J Neurosurg Spine. 2011 Feb;14(2):172-6. doi: 10.3171/2010.9.SPINE09878. Epub 2010 Dec 24.

Abstract

Object: Thyroid carcinoma generally has a favorable prognosis, and patients rarely present with distant metastases. Authors of several studies have proposed piecemeal resection for spinal metastases in thyroid carcinoma; however, few have analyzed the impact of local curative surgery such as total en bloc spondylectomy (TES) for thyroid carcinoma. The purposes of the present study are to determine the strategy of surgical treatment for spinal metastases of thyroid carcinoma and to evaluate the surgical results of and the prognosis associated with TES.

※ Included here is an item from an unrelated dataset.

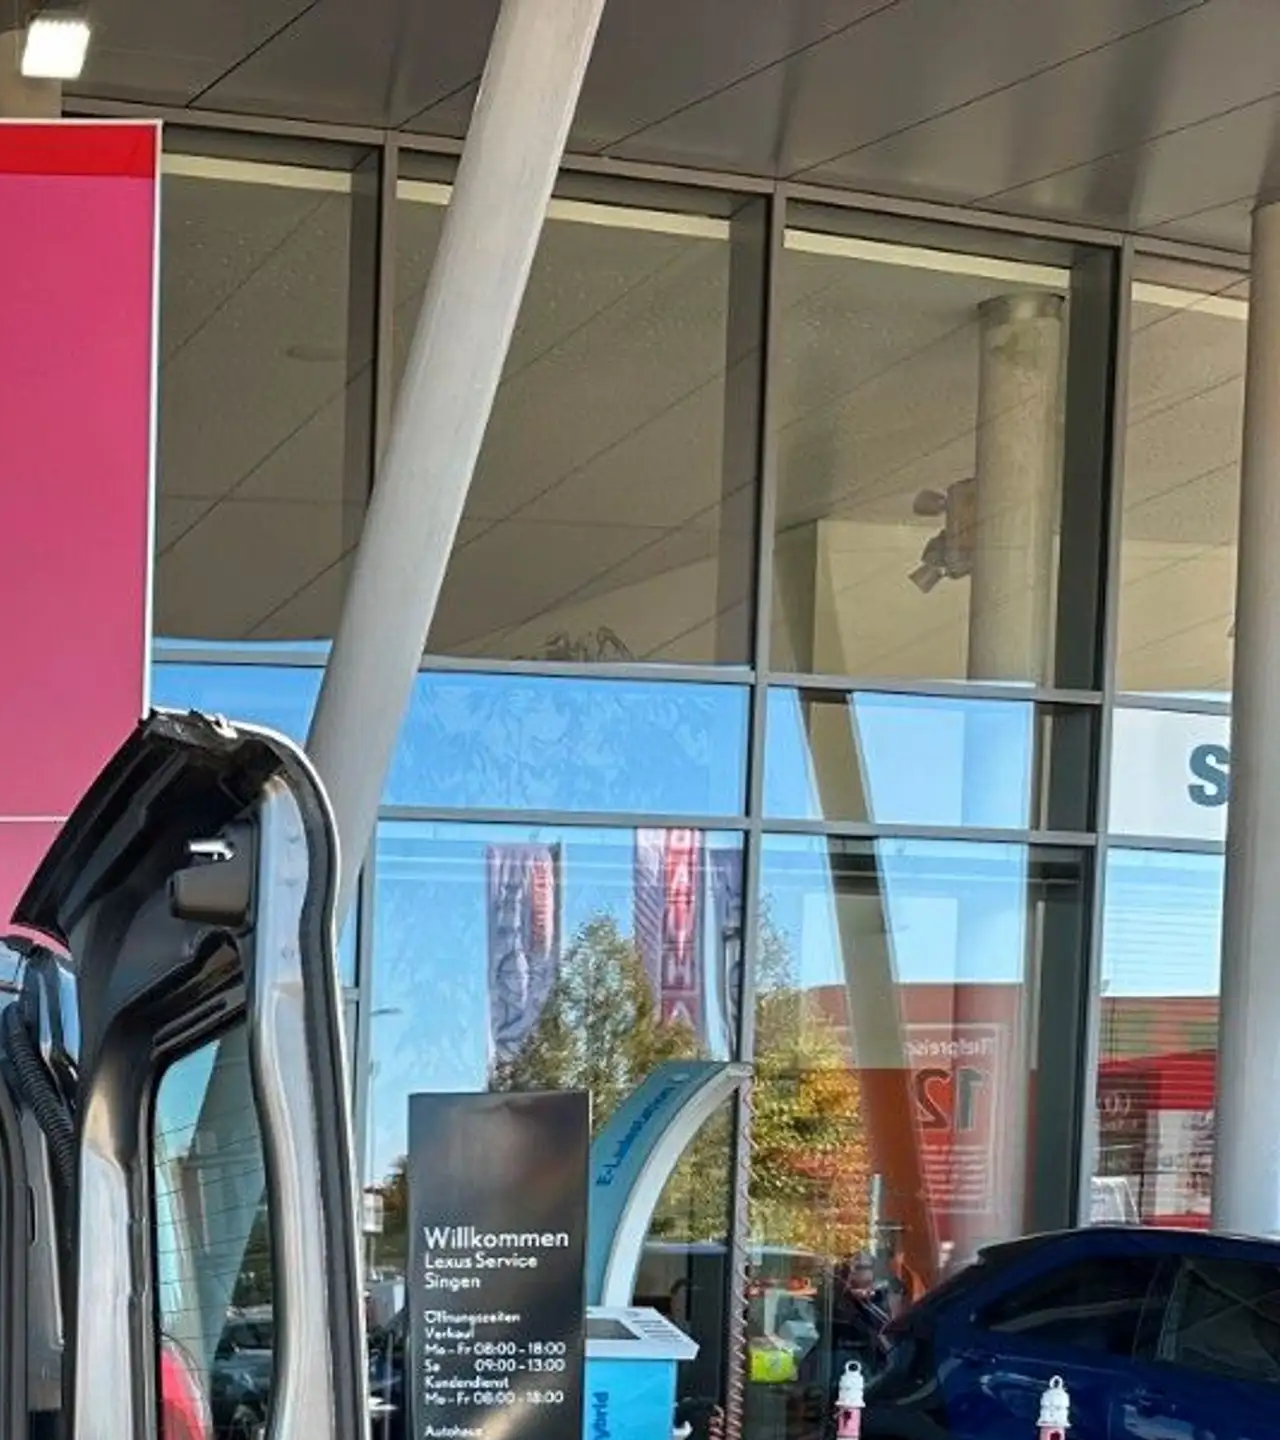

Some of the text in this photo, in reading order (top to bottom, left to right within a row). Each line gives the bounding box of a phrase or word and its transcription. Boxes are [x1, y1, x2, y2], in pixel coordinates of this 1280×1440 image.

Methods: Twenty-four cases of spinal metastases were retrospectively reviewed. The patients included 16 women and 8 men, with a mean age of 60.7 years. Histological examination showed follicular carcinoma in 15 cases, papillary carcinoma in 8, and medullary carcinoma in 1. Total en bloc spondylectomy was performed in 10 cases; debulking surgery, such as piecemeal excision or eggshell curettage, was performed in 14. The average follow-up time was 55 months (12-180 months).

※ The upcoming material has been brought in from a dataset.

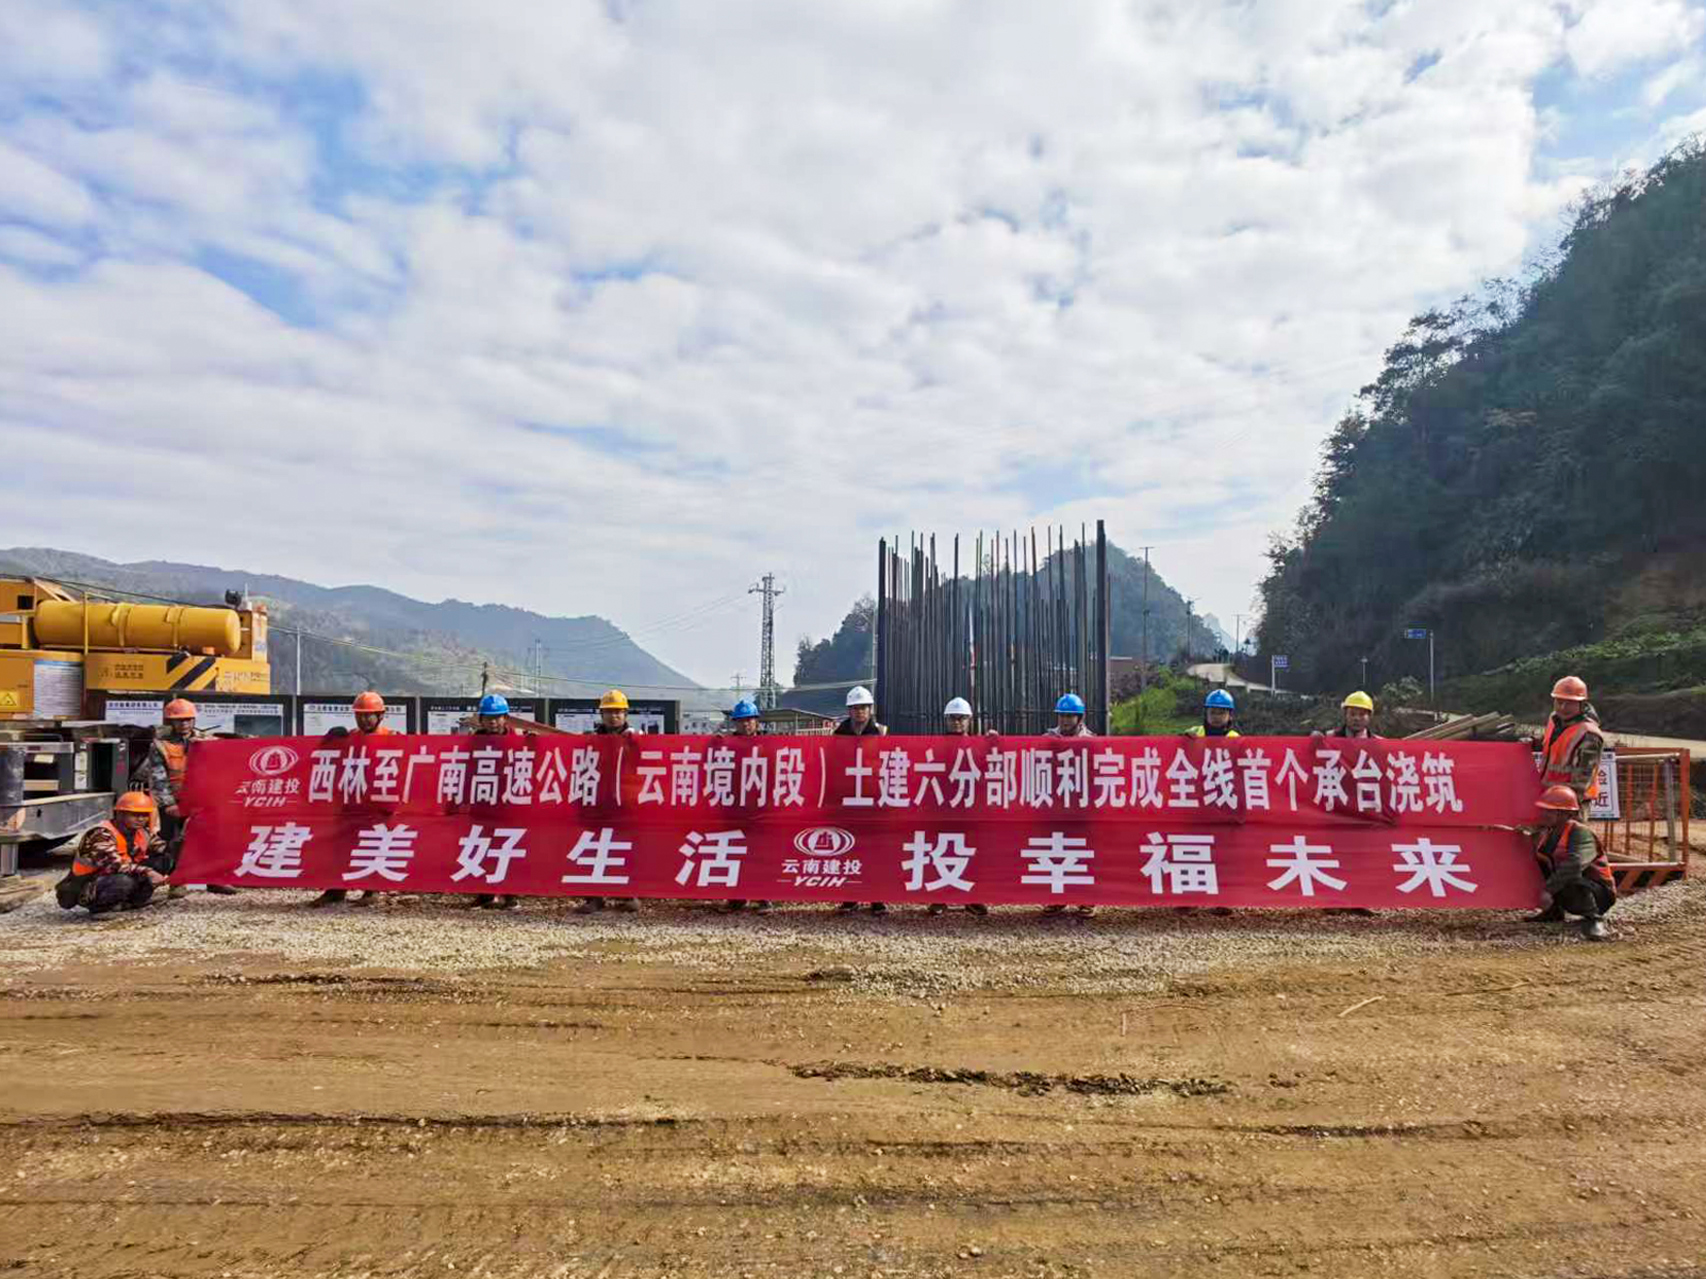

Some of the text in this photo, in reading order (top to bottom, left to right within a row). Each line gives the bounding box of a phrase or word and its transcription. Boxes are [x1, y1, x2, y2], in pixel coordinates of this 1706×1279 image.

[234, 778, 300, 795] 云南建投
[233, 822, 1478, 898] 建美好生活 投幸福未来
[781, 858, 863, 875] 云南建投
[794, 876, 847, 888] YCIH

Results: Four patients had no evidence of disease, 8 were alive with the disease, and 12 had died of the disease. The overall survival rate from the time of surgery was 74% at 5 years. Patients with visceral metastases had a significant, higher risk of death. The survival rate of patients following TES was 90% at 5 years, which was higher than the rate in patients who underwent debulking surgery (63%). However, no significant difference was observed between the 2 types of surgery. There was a local recurrence after debulking surgery in 8 (57%) of 14 cases. Because of the recurrences, reoperation was required after a mean of 41 months. In contrast, there was a local recurrence after TES in only 1 (10%) of 10 cases. The difference between debulking surgery and TES regarding local recurrence was statistically significant.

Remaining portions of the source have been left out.